Kisah Sejarah Laskar Sabilillah Dalam Pertempuran 10 November di Surabaya

Surabaya - Surabaya panas membara dalam peristiwa heroik 10 November 1945. Pertempuran pecah dan memakan banyak korban jiwa antara pasukan pejuang menghadapi tentara sekutu pimpinan Inggris, yang tergabung dalam NICA (Netherlands Indies Civil Management).

Tentara NICA tiba di Surabaya pada 25 Oktober 1945 dipimpin Jenderal Aubertin Walter Southern (AWS) Mallaby, Komandan Brigade 49 Divisi India. Tugas Mallaby, mengamankan tawanan perang dan melucuti persenjataan tentara Jepang di Indonesia, serta mengembalikan Indonesia sebagai Hindia Belanda di bawah administrasi NICA.

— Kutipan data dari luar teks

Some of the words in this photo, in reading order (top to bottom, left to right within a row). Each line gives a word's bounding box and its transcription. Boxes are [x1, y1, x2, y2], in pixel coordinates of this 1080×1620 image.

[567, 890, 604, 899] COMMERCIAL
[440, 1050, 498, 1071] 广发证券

Saat itu, Jepang menyatakan kekalahannya dalam Perang Dunia II setelah dua kotanya, Nagasaki dan Heroshima dibom atom oleh Amerika Serikat. Allied Forces Netherlands East Indies (AFNEI) yang membawahi NICA mengantarkan Mallaby dan pasukannya bertugas ke Indonesia.

Namun kedatangan NICA ke Surabaya dianggap terlambat, karena persenjataan tentara Jepang sebagian telah dilucuti para pejuang. Sementara Indonesia juga telah menyatakan kemerdekaan pada 17 Agustus 1945.

Warga Surabaya menolak permintaan NICA untuk menyerahkan senjata yang dirampas dari tentara Jepang. Sebaliknya, justru melancarkan serangkaian serangan mengusir sekutu sepanjang 27-30 Oktober 1945.

Peristiwa heroik yang populer adalah penyergapan mobil buick yang menewaskan Mallaby di Jembatan Merah. Tewasnya Jenderal Mallaby mengundang kemarahan pasukan Inggris, hingga memancing perang lebih besar.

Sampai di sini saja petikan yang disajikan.